*Goal of the exercise*: Print the full listing exactly.

*Material shown*:

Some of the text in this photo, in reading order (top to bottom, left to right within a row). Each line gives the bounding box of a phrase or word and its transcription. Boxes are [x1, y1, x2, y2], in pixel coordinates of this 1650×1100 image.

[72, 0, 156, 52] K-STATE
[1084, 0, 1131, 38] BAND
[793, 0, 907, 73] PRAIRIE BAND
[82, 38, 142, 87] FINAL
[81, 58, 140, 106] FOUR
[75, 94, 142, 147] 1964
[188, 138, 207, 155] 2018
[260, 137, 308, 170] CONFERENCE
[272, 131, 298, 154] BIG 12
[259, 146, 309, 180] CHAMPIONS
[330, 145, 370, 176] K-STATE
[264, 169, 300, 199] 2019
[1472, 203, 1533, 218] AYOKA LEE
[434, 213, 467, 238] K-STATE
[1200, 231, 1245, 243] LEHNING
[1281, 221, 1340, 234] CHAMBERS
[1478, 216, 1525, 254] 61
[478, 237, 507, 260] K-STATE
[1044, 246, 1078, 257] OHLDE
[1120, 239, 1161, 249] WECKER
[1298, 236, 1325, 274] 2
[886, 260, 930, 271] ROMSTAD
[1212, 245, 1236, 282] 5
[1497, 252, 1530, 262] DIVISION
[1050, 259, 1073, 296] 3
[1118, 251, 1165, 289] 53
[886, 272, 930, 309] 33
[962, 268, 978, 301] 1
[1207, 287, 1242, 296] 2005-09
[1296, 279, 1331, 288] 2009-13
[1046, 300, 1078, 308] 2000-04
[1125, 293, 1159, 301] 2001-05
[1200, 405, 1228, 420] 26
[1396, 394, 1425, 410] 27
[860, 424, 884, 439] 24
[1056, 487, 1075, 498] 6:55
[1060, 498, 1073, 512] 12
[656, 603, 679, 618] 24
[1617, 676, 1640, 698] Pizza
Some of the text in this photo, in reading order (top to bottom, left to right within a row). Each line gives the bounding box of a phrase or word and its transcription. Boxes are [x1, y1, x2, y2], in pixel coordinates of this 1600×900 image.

*Exercise response*:
Some of the text in this photo, in reading order (top to bottom, left to right within a row). Each line gives the bounding box of a phrase or word and its transcription. Boxes are [x1, y1, x2, y2], in pixel coordinates of this 1650×1100 image.

[72, 0, 156, 52] K-STATE
[1084, 0, 1131, 38] BAND
[793, 0, 907, 73] PRAIRIE BAND
[82, 38, 142, 87] FINAL
[81, 58, 140, 106] FOUR
[75, 94, 142, 147] 1964
[188, 138, 207, 155] 2018
[260, 137, 308, 170] CONFERENCE
[272, 131, 298, 154] BIG 12
[259, 146, 309, 180] CHAMPIONS
[330, 145, 370, 176] K-STATE
[264, 169, 300, 199] 2019
[1472, 203, 1533, 218] AYOKA LEE
[434, 213, 467, 238] K-STATE
[1200, 231, 1245, 243] LEHNING
[1281, 221, 1340, 234] CHAMBERS
[1478, 216, 1525, 254] 61
[478, 237, 507, 260] K-STATE
[1044, 246, 1078, 257] OHLDE
[1120, 239, 1161, 249] WECKER
[1298, 236, 1325, 274] 2
[886, 260, 930, 271] ROMSTAD
[1212, 245, 1236, 282] 5
[1497, 252, 1530, 262] DIVISION
[1050, 259, 1073, 296] 3
[1118, 251, 1165, 289] 53
[886, 272, 930, 309] 33
[962, 268, 978, 301] 1
[1207, 287, 1242, 296] 2005-09
[1296, 279, 1331, 288] 2009-13
[1046, 300, 1078, 308] 2000-04
[1125, 293, 1159, 301] 2001-05
[1200, 405, 1228, 420] 26
[1396, 394, 1425, 410] 27
[860, 424, 884, 439] 24
[1056, 487, 1075, 498] 6:55
[1060, 498, 1073, 512] 12
[656, 603, 679, 618] 24
[1617, 676, 1640, 698] Pizza
Some of the text in this photo, in reading order (top to bottom, left to right within a row). Each line gives the bounding box of a phrase or word and its transcription. Boxes are [x1, y1, x2, y2], in pixel coordinates of this 1600×900 image.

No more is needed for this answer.